The club-man laughed broadly.

"Isn't that a good bit like saying that the shallop must see to it that the wind doesn't blow too hard for it?"

"Possibly. But in the sorriest wreck there is usually some small chance for salvage. I understand Mrs. Brentwood's holding is not very large?"

"A block of some three thousand shares, held jointly by her and her two daughters, I believe."

"Exactly: not enough to excite anybody's cupidity; and yet enough to turn the scale if there should ever be a fight for a majority control."

"There is no such fight in prospect, is there?"

"No; not that I know of. But I was thinking of the possibilities. If a smash comes there will be a good deal of horse-swapping in the middle of the stream—buying up of depressed stocks by people who need the lines worse than the original owners do."

"I see," said Ormsby. "Then you would counsel delay?"

"I should; and I'll go a step farther.
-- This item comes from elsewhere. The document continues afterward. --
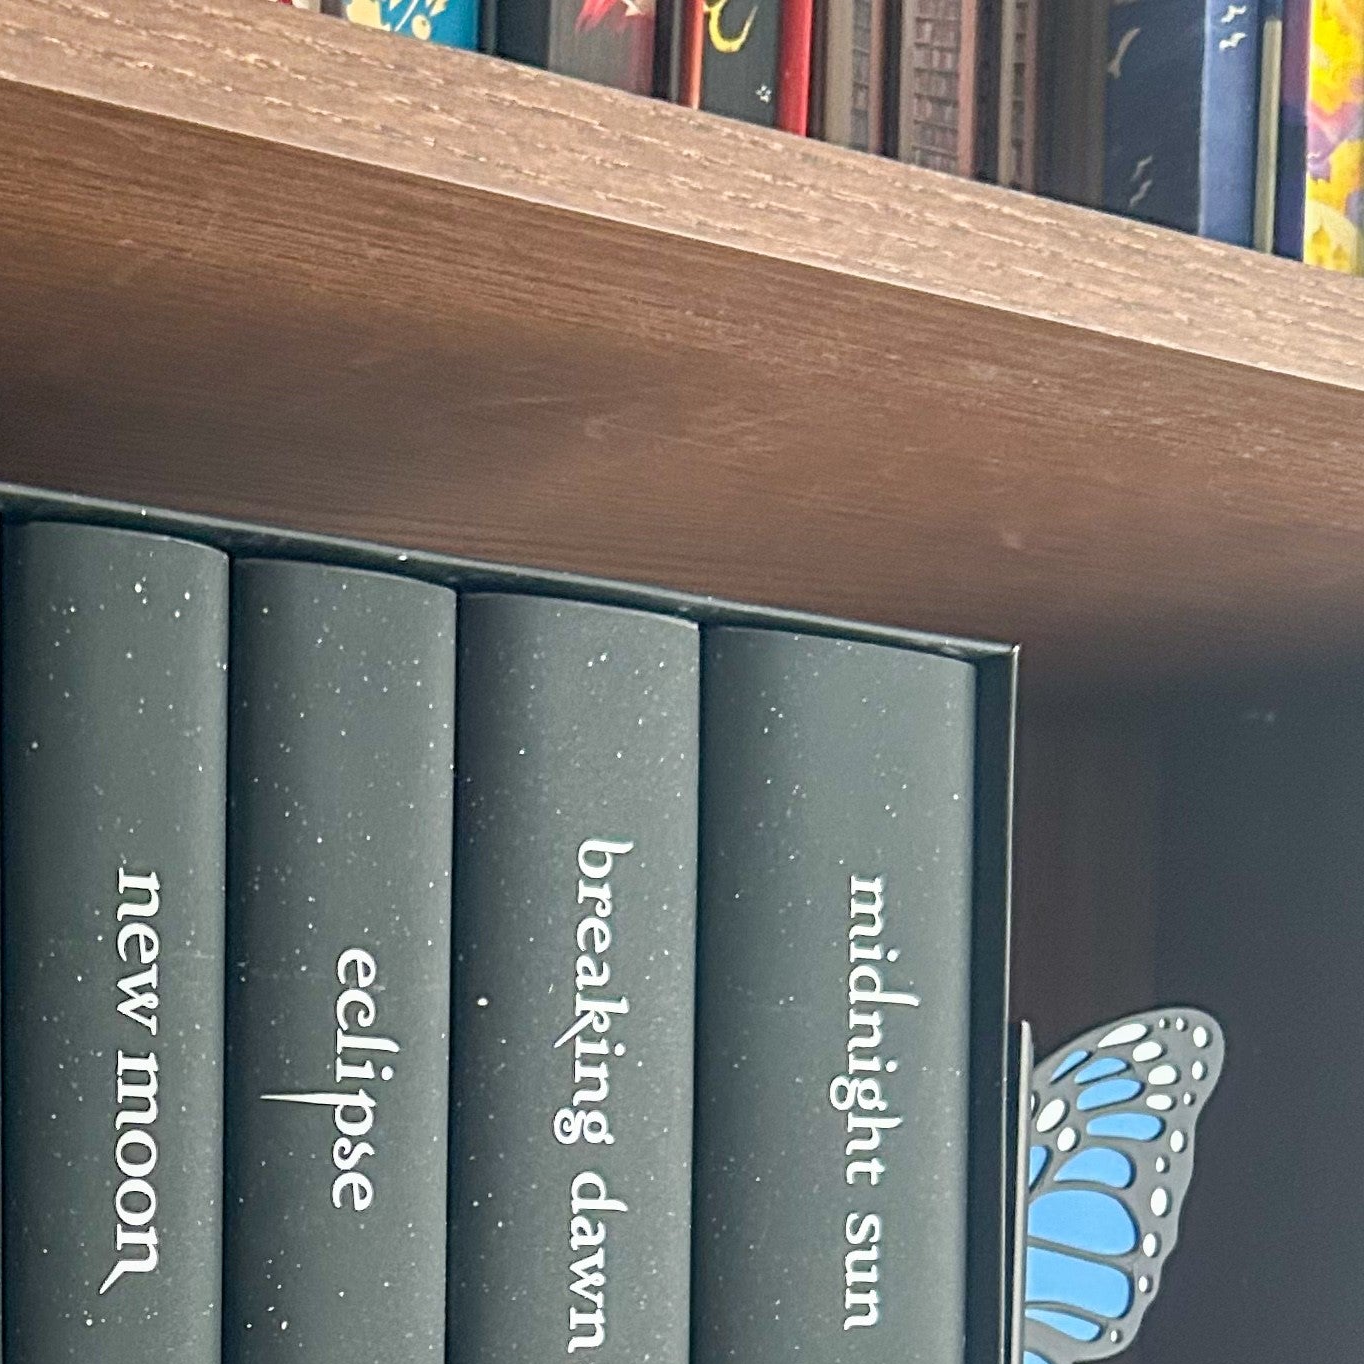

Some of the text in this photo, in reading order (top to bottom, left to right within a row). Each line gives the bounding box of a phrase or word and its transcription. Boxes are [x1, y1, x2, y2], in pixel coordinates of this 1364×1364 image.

I am on the inside, in a way, and any hint I can give you for Miss—for Mrs. Brentwood's benefit shall be promptly forthcoming."

"By Jove! that's decent," said Ormsby, heartily. "You are a friend worth having, Mr. Kent. But which 'inside' do you mean—the railroad or the political?"

"Oh, the railroad, of course. And while I think of it, my office will be in the Quintard Building; and you—I suppose you will put up at the Wellington?"

"For the present, we all shall. It is Mrs. Brentwood's notion to take a furnished house later on for herself and daughters, if she can find one. I'll keep in touch with you."

"Do. It may come to a bit of quick wiring when our chance arrives. You know Loring—Grantham Loring?"

"Passably well. I came across him one summer in the mountains of Peru, where he was managing a railroad. He is a mighty good sort. I had mountain fever, and he took me in and did for me."

"He is with us now," said David Kent; "the newly appointed general manager of the Western Pacific."

"Good!" said the club-man "I think a lot of him; he is an all-around dependable fellow, and plenty capable. I'm glad to know he has caught on higher up."

The locomotive whistle was droning again, and a dodging procession of red-eyed switch-lights flicked past the windows. Kent stood up and flung away the stump of his cigar.

"The capital," he announced. "I'll go back with you and help out with the shawl-strap things." And in the vestibule he added: "I spoke of Loring because he will be with us in anything we have to do in Mrs. Brentwood's behalf. Look him up when you have time—fourth floor of the Quintard."